*Task to carry out*. Give back, word for word, the line that contains "this 2560×1429 image." and every line that follows it in the data below.

[Collected data]
------------------------
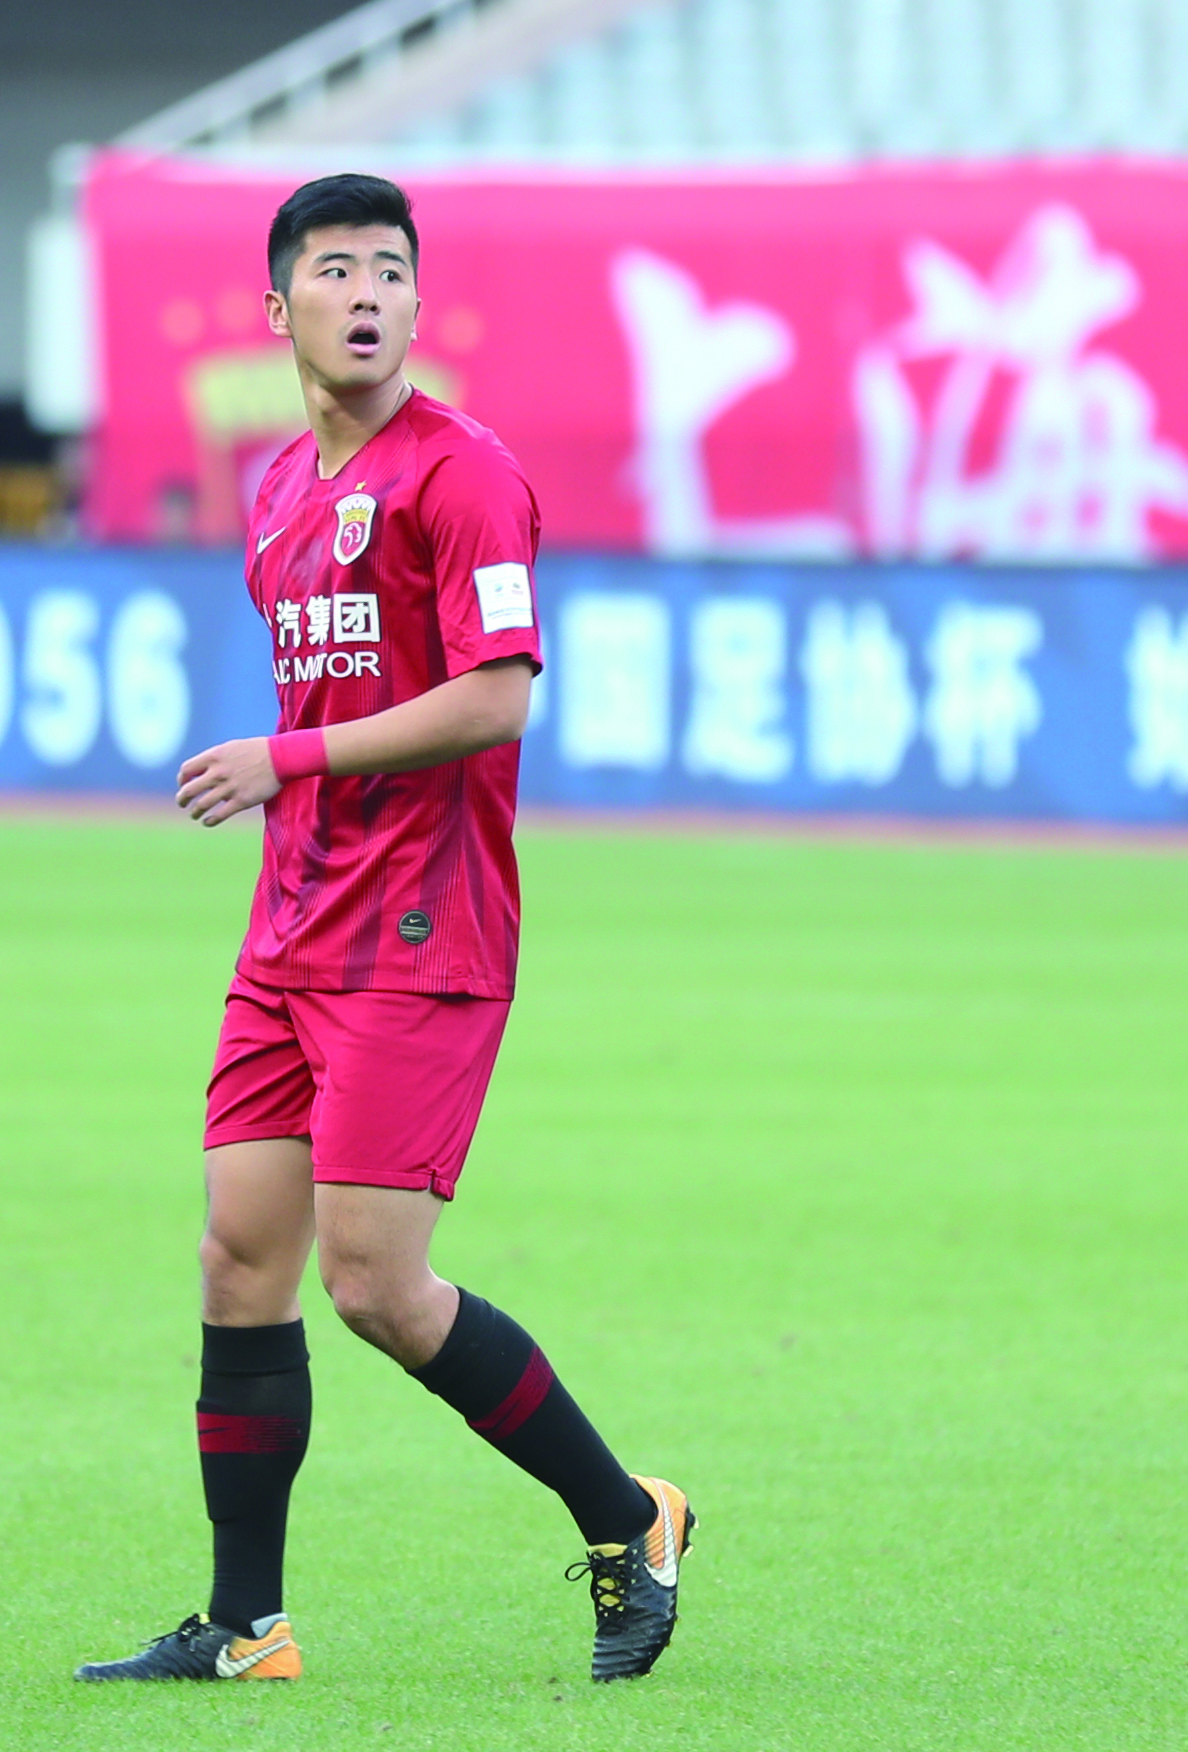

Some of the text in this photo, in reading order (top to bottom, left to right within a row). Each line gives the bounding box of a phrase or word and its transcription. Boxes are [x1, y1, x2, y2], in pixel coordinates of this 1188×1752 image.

[263, 593, 381, 649] 汽集团
[530, 595, 1044, 787] 国足协杯
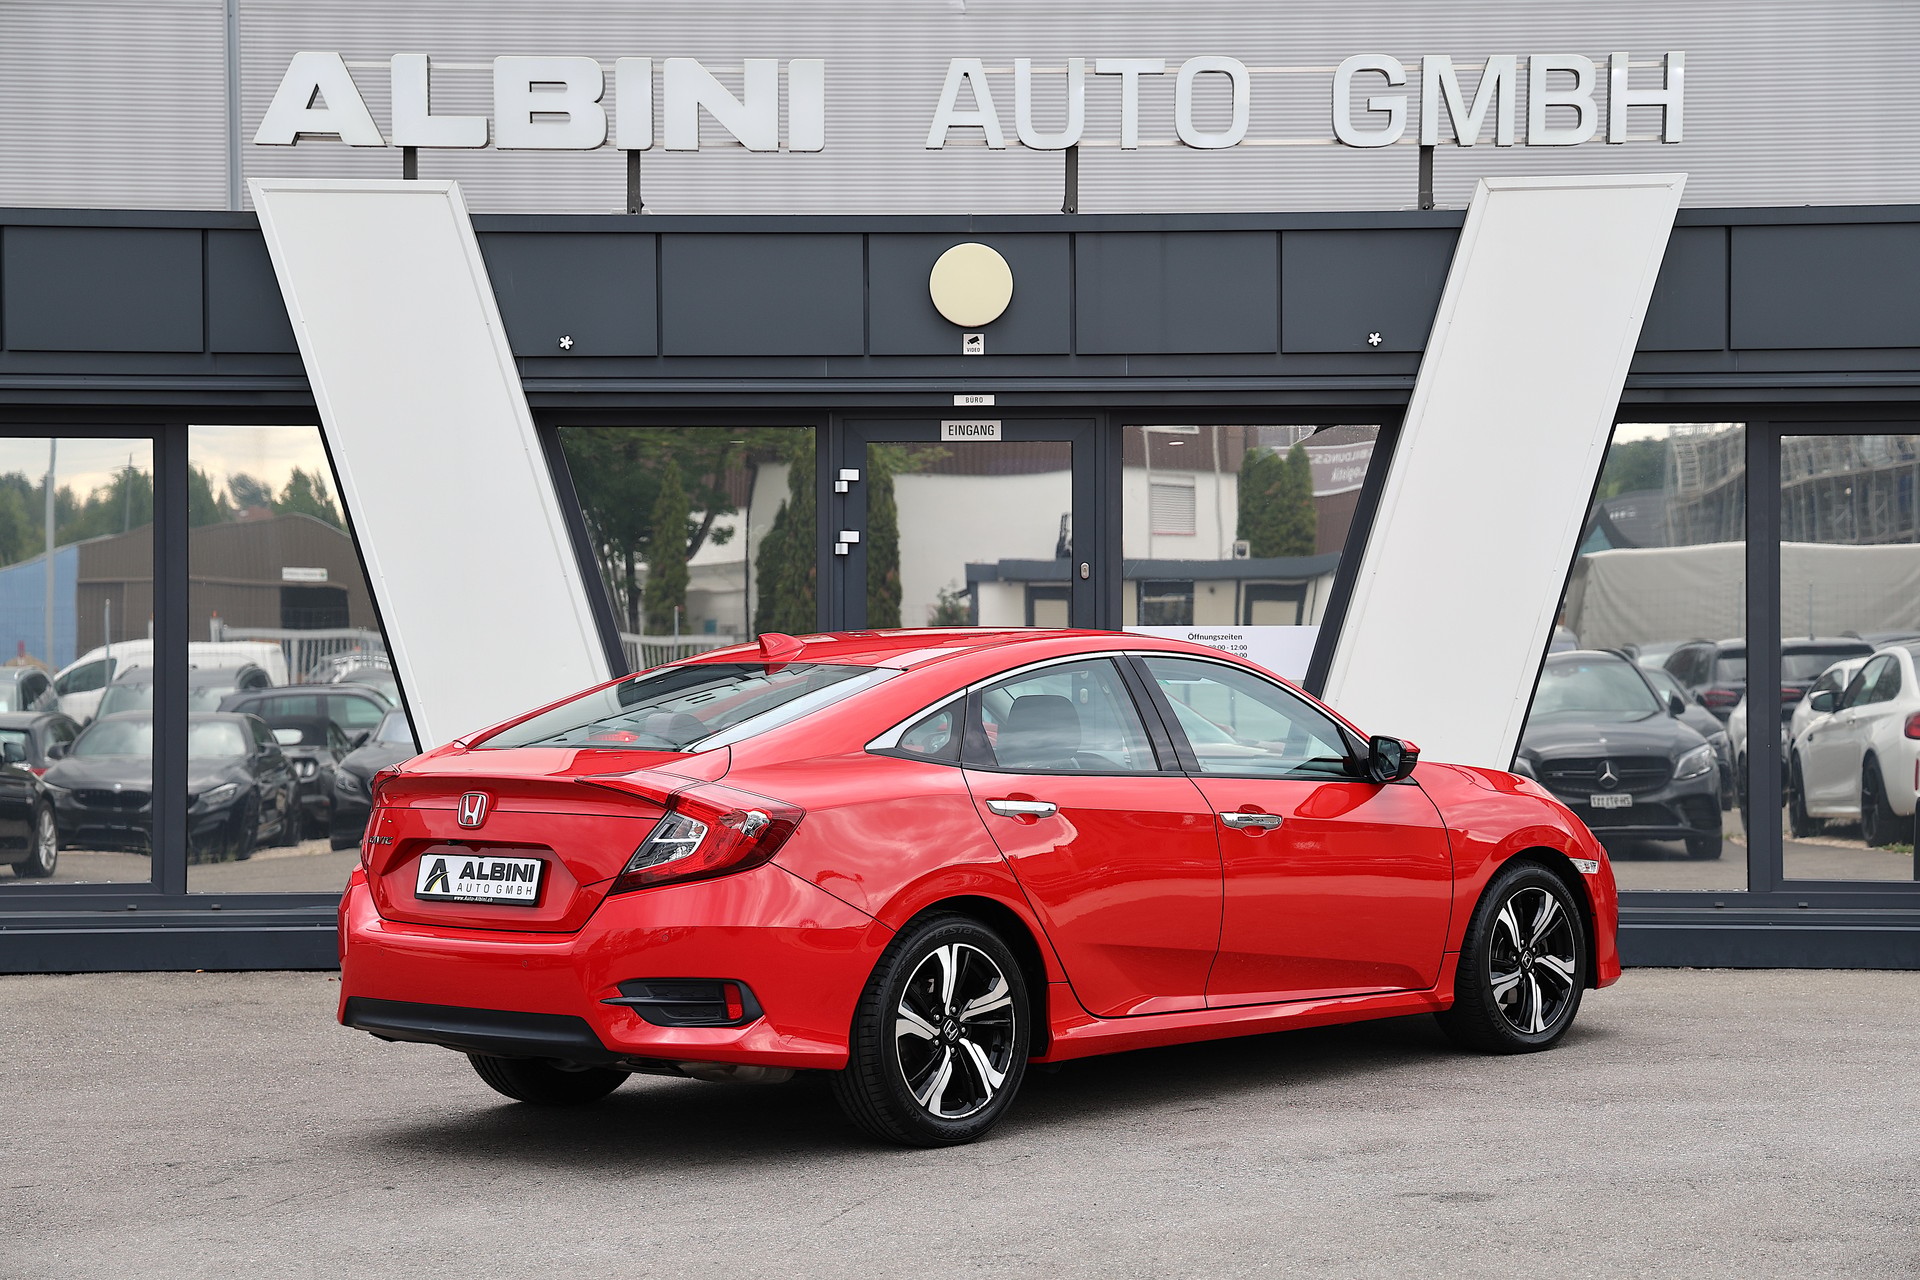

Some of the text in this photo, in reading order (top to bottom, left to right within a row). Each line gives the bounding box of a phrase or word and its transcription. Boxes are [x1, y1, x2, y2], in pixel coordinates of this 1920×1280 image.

[253, 50, 1686, 153] ALBINI AUTO GMBH
[965, 396, 984, 404] BÜRO
[948, 424, 995, 436] EINGANG
[1187, 633, 1243, 641] Öffnungszeiten
[459, 861, 536, 883] ALBINI
[457, 882, 533, 896] AUTO GMBH
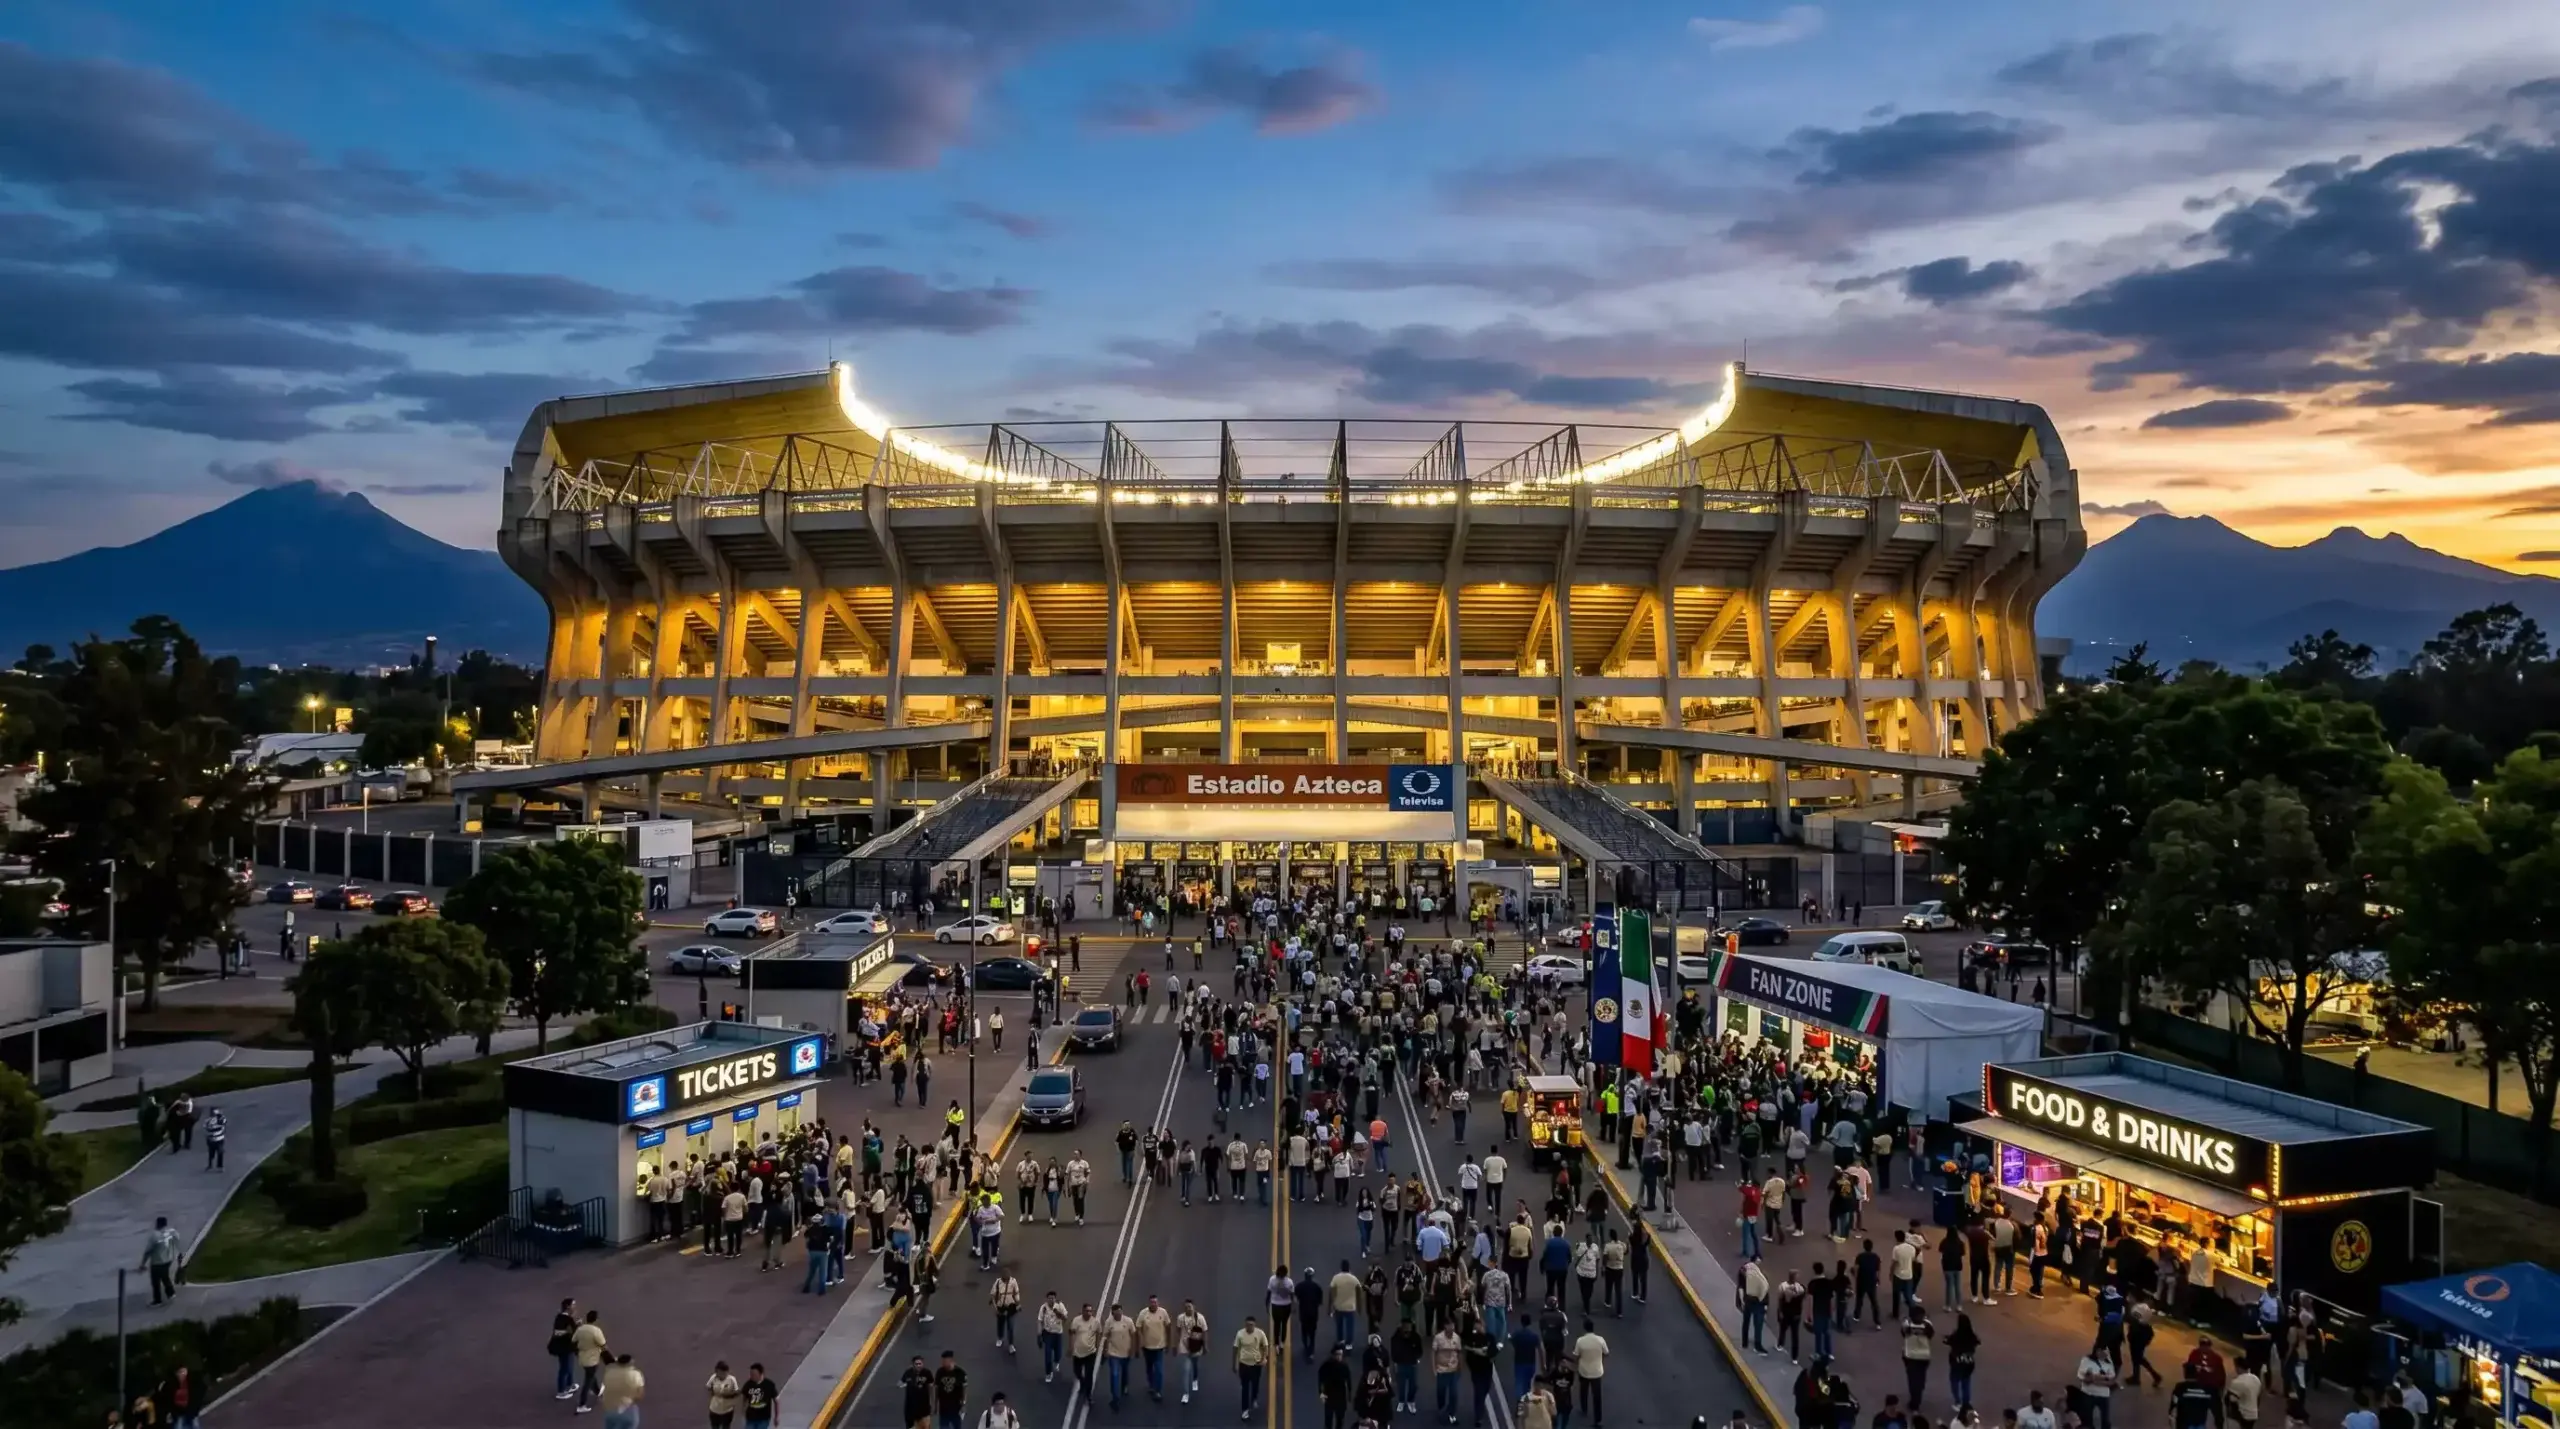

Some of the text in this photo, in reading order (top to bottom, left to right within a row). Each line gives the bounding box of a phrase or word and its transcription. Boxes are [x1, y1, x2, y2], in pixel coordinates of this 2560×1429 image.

[1188, 774, 1383, 794] Estadio Azteca
[1398, 796, 1444, 806] Televisa
[1751, 968, 1832, 1012] FAN ZONE
[678, 1052, 777, 1099] TICKETS
[2011, 1082, 2236, 1175] FOOD & DRINKS
------------------------
*Task result*.
Some of the text in this photo, in reading order (top to bottom, left to right within a row). Each line gives the bounding box of a phrase or word and its transcription. Boxes are [x1, y1, x2, y2], in pixel coordinates of this 2560×1429 image.

[1188, 774, 1383, 794] Estadio Azteca
[1398, 796, 1444, 806] Televisa
[1751, 968, 1832, 1012] FAN ZONE
[678, 1052, 777, 1099] TICKETS
[2011, 1082, 2236, 1175] FOOD & DRINKS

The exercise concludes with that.